In conjunction with the 1893 World’s Columbian Exposition, a groundbreaking interfaith conference took place in Chicago. The World’s Parliament of Religions opened on September 11, 1893, in an auxiliary hall that today houses the Art Institute of Chicago.1 For the first time in history, representatives of many faiths around the globe gathered, under the auspices of unity and brotherhood, to discuss religion.
The Parliament came to fruition through the collaborative efforts of Charles C. Bonney, an Illinois Supreme Court judge, and John Henry Barrows, a Presbyterian pastor from Chicago.2 While Barrows is rightfully credited with being its architect, it was the brainchild of Bonney. In a letter sent to religious leaders worldwide, the message of unity and acceptance for all religions was front and center:3
We affectionately invite the representatives of all faiths to aid us in presenting to the world, at the Exposition of 1893, the religious harmonies and unities of humanity, and also in showing forth the moral and spiritual agencies which are at the root of human progress.4
Although the message of unity among all religions was elevated as the ultimate goal, there was also criticism that the “Parliament itself was Christian-centric with a strong undercurrent of evangelization directed at the other religious leaders.” According to scholar Katherine Marshall, the event “brought together leading voices in the emerging religious studies field with theologians and religious leaders.”5
Initially, some speculated that Christian Science would not be recognized as a denomination, thus excluding the religion entirely from the conversation on the world stage. Mary Baker Eddy was hesitant and skeptical concerning a presentation and display of her teachings in the exposition. The benefits of inclusion were evident, as well as the negative optics of the Church of Christ, Scientist, potentially being denied a space at the event.
Responding to requests for her presence in Chicago, Eddy was emphatic:
In reply to all the invitations from Chicago to share the hospitality of their beautiful homes at any time during the great wonder of the world ― the World’s Fair ― I say: Do not expect me, I have no desire to see or to hear what is offered upon this approaching occasion.

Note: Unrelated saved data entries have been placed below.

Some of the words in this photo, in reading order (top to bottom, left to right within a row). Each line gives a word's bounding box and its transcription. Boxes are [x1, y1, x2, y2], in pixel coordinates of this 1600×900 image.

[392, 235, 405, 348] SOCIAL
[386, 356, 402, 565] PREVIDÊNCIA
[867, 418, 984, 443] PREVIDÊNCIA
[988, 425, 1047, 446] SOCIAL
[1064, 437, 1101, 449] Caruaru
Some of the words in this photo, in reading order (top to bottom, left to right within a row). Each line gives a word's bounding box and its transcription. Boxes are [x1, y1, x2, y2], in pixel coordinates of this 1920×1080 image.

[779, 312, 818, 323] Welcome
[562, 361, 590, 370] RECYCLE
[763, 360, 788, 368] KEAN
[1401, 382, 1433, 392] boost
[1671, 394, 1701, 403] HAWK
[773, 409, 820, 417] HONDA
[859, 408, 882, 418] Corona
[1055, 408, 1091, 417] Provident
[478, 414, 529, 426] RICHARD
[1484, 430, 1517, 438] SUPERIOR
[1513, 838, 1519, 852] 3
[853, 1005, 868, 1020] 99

I have a world of Wisdom and Love to contemplate that concerns me and you infinitely beyond all earthly expositions or exhibitions. In return for your kindness, I earnestly invite you to its contemplation with me, and preparation to behold it.6
The inclusion of Christian Science as a denomination at such a large level would provide Eddy’s new religion both exposure and acceptance. And the invitation for Christian Scientists to present an address allowed for the tenets of their faith to be shared on the world stage. This watershed moment would happen just one year after the reorganization of her fledgling church as The Mother Church, The First Church of Christ, Scientist.
Eddy’s students were the leading force in her ultimate agreement for Christian Science to play any role in the conference. And through their continued perseverance, the church was indeed allotted a place at the event.

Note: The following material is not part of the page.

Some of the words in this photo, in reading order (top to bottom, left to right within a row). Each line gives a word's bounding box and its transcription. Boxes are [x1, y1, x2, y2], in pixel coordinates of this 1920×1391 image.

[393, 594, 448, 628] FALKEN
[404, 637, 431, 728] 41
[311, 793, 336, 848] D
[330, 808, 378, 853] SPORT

Once it became clear that there would be space and a platform provided, preparations began in earnest. While Eddy was reluctant to directly take part in the event, she nevertheless carefully guided the messaging to showcase the religion in the best possible light.

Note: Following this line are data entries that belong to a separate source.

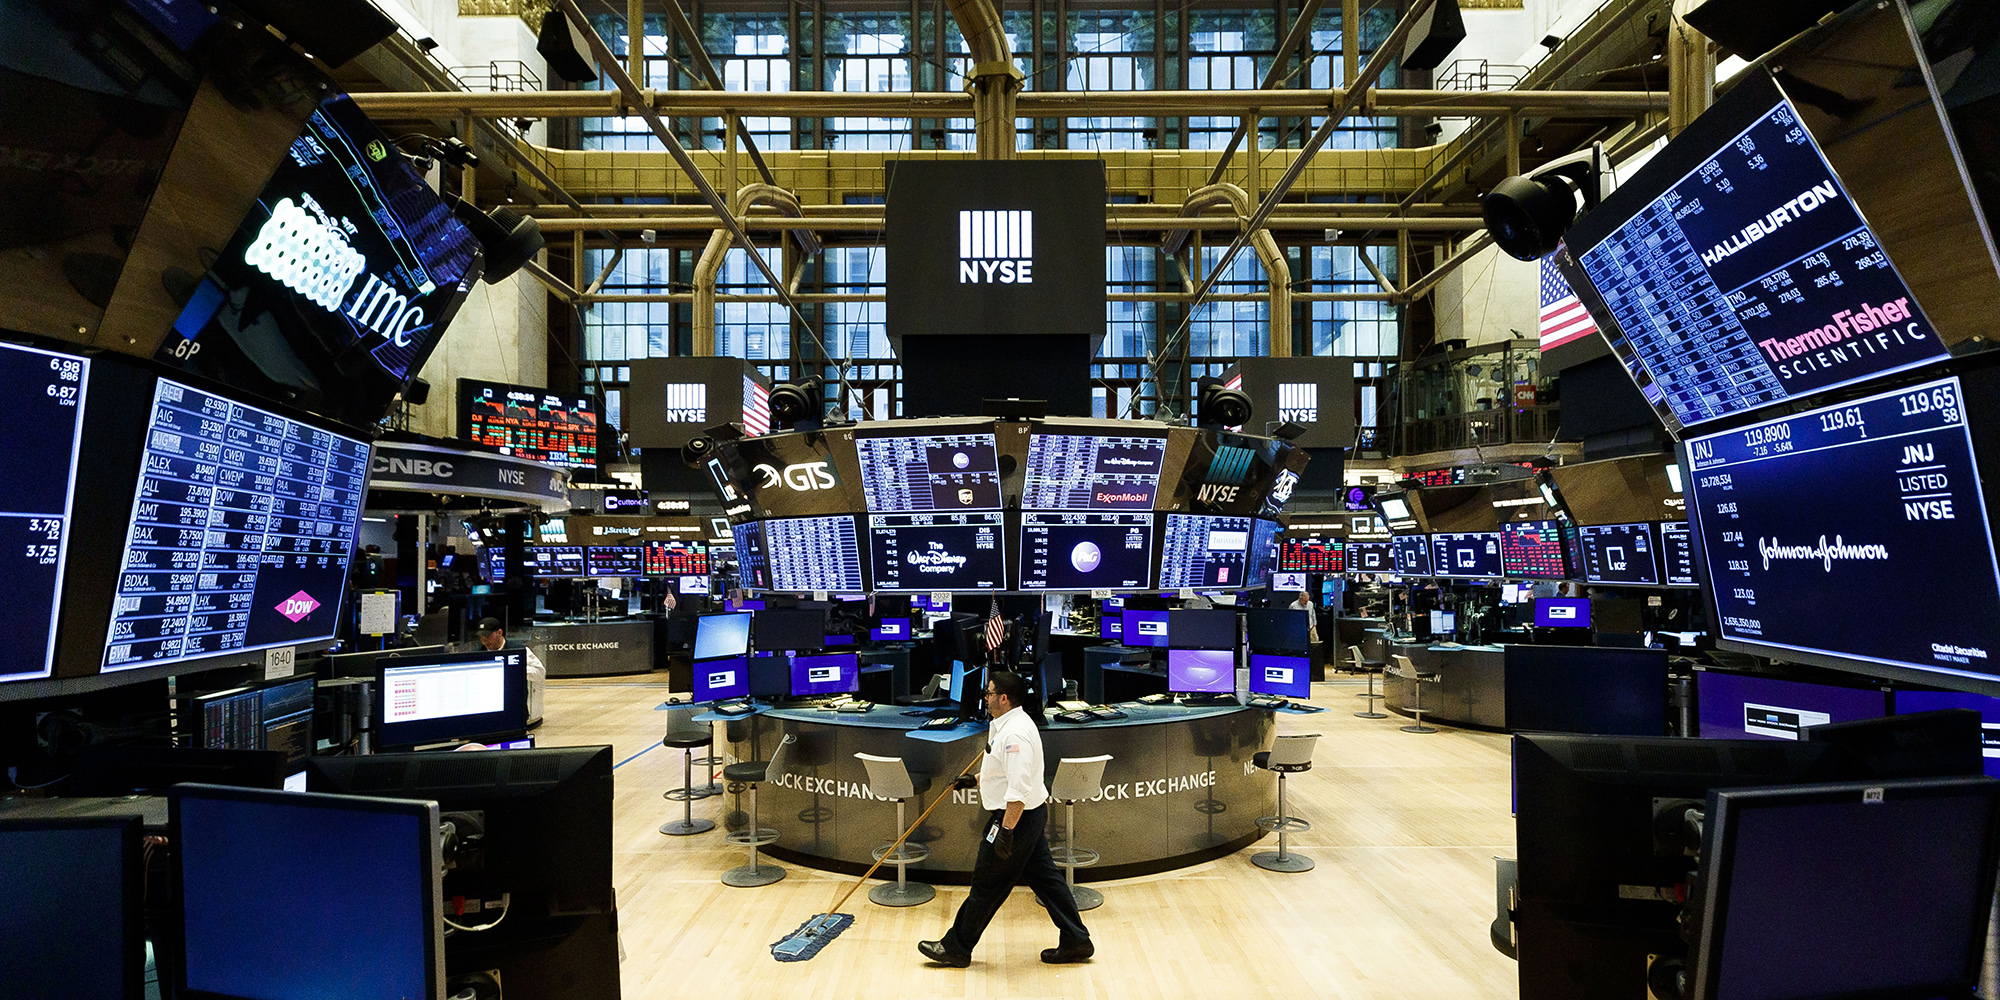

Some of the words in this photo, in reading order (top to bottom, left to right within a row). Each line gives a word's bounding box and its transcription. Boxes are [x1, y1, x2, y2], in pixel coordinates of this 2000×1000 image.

[1666, 190, 1682, 204] HAL
[1699, 159, 1720, 179] 5.0500
[1736, 134, 1753, 151] 5.05
[1771, 107, 1791, 125] 5.07
[1715, 177, 1731, 192] 5.10
[1747, 153, 1765, 170] 5.36
[1784, 126, 1803, 144] 4.56
[1701, 179, 1838, 267] HALLIBURTON
[959, 261, 1033, 284] NYSE
[1728, 291, 1747, 306] TMO
[1760, 270, 1790, 289] 278.3700
[1802, 252, 1828, 269] 278.19
[1842, 231, 1871, 250] 278.39
[1739, 302, 1768, 321] 3,702,163
[1778, 288, 1801, 304] 278.03
[1814, 270, 1840, 288] 285.45
[1855, 251, 1885, 270] 268.15
[1759, 296, 1912, 363] ThermoFisher
[174, 338, 201, 360] 6P
[1779, 322, 1926, 379] SCIENTIFIC
[50, 358, 81, 374] 6.98
[60, 371, 79, 382] 986
[47, 384, 77, 399] 6.87
[1517, 391, 1535, 400] CNN
[59, 398, 76, 407] LOW
[204, 398, 227, 412] 62.9300
[157, 409, 174, 422] AIG
[232, 406, 244, 419] CCI
[667, 409, 706, 423] NYSE
[1279, 409, 1317, 422] NYSE
[200, 419, 223, 433] 19.2300
[505, 417, 519, 425] NYA
[537, 420, 550, 428] RUT
[568, 423, 580, 431] SPX
[1694, 440, 1713, 460] JNJ
[1744, 422, 1791, 447] 119.8900
[1819, 406, 1865, 433] 119.61
[1899, 386, 1956, 417] 119.65
[1753, 446, 1768, 457] -7.16
[1773, 441, 1794, 453] -5.64%
[1860, 426, 1867, 438] 1
[1942, 407, 1959, 424] 58
[199, 442, 219, 455] 0.5100
[223, 448, 245, 462] CWEN
[1901, 443, 1935, 465] JNJ
[549, 451, 568, 461] IBM
[148, 456, 171, 470] ALEX
[195, 464, 215, 475] 8.8400
[372, 456, 453, 478] CNBC
[498, 468, 525, 486] NYSE
[783, 461, 836, 492] GTS
[143, 479, 159, 493] ALL
[1700, 474, 1732, 488] 19,728,534
[1899, 473, 1948, 492] LISTED
[188, 485, 211, 497] 73.8700
[216, 490, 234, 502] DOW
[1197, 484, 1240, 503] NYSE
[1096, 492, 1148, 504] ExxonMobil
[138, 503, 159, 516] AMT
[180, 507, 207, 519] 195.3900
[1717, 502, 1738, 514] 126.83
[1904, 500, 1955, 521] NYSE
[29, 519, 60, 532] 3.79
[604, 526, 640, 536] J.Streicher
[47, 530, 59, 539] 12
[134, 527, 154, 540] BAX
[179, 530, 203, 541] 75.7500
[1722, 531, 1743, 542] 127.44
[26, 545, 57, 557] 3.75
[928, 541, 943, 550] The
[129, 551, 148, 563] BDX
[171, 552, 199, 562] 220.1200
[203, 554, 217, 565] EW
[919, 565, 955, 574] Company
[1728, 560, 1749, 570] 118.13
[124, 575, 149, 587] BDXA
[195, 595, 211, 606] LHX
[1733, 588, 1755, 600] 123.02
[115, 621, 134, 635] BSX
[1723, 616, 1761, 629] 2,636,350,000
[187, 637, 202, 648] NEE
[549, 643, 575, 651] STOCK
[576, 641, 619, 650] EXCHANGE
[1931, 643, 1953, 655] Citadel
[1954, 645, 1988, 659] Securities
[270, 650, 292, 667] 1640
[1243, 759, 1260, 776] NE
[805, 776, 898, 803] EXCHAN
[952, 788, 983, 804] NE
[1135, 770, 1216, 798] EXCHANGE

In a letter to her student William B. Johnson, Clerk of The Mother Church and a member of its Board of Directors, Eddy carefully designated the way she preferred the address to be prepared:
I desire you to select the very best, comprehensive quotations to be found in all my works …. Be careful to quote no passages that assail the religious beliefs of any sect….
My reasons for this are that “What is written, is written”. The texts are contained in these works, and I for one would not venture to depart from the fundamental teachings of these books with all the labor bestowed on them. I think that nothing can be said that would be more satisfactory, on the subject, that I have given out, to define in the manner aforesaid Christian Science.7
A series of back-and-forth documents shows the progression of edits to the address. Eddy—along with Calvin Frye, her secretary, and Septimus J. Hanna, who was currently serving as pastor of The Mother Church8 and editor of The Christian Science Journal—carefully constructed the message that would be read at the Parliament on September 22.9
As the theme of the conference centered on unity and brotherhood, the tone and title of the address—“Unity and Christian Science”—reflected the inclusive nature of the event.10
The following excerpt integrates the conference theme with the basic tenets of Christian Science:
The universal brotherhood of man is a principal factor in Christian Science. Having one God is having one Father; and this Scientifically establishes the brotherhood of man. The first commandment of the Hebrew decalogue, understood, unfolds the true Principle of the brotherhood of man, and the impossibility for God’s children to have antagonistic minds and so war one with another. United in their Divine Principle they practice divinity, and so fulfill the scripture, “Be ye perfect even as your Father which is in Heaven is perfect.”11
Additionally, by creating the connections between the Scriptures and Christian Science—as is seen in the next passage, as well as the one above—Eddy provided the audience with a rich historical precedent for Christian Science:
The Hebrew term which gives another letter to the word God, and makes it Good, unites Science and Christianity; whereby we learn that Good is universal, and the Divine Principle, Life, Truth, Love. This Triune Good is reached through goodness, — through Mind instead of matter; Soul instead of sense, understanding and demonstration.12
The address received an enthusiastic response. Eddy and her students were initially exuberant. According to biographer Robert Peel, “The whole household, including Mrs. Eddy herself, was caught up in a tide of jubilation as reports came in of the excellent impression made by the Christian Science presentation in general and her paper in particular.”13
But, unfortunately, events did not go off without a hitch. Hanna submitted the address for publication expressly against Eddy’s orders. And although it was a compilation of excerpts from Eddy’s published writings, the speech was printed as Hanna’s own work.14 While immediate steps were taken to rectify the mistake, Hanna’s misstep further solidified Eddy’s resolve to keep the address out of publication.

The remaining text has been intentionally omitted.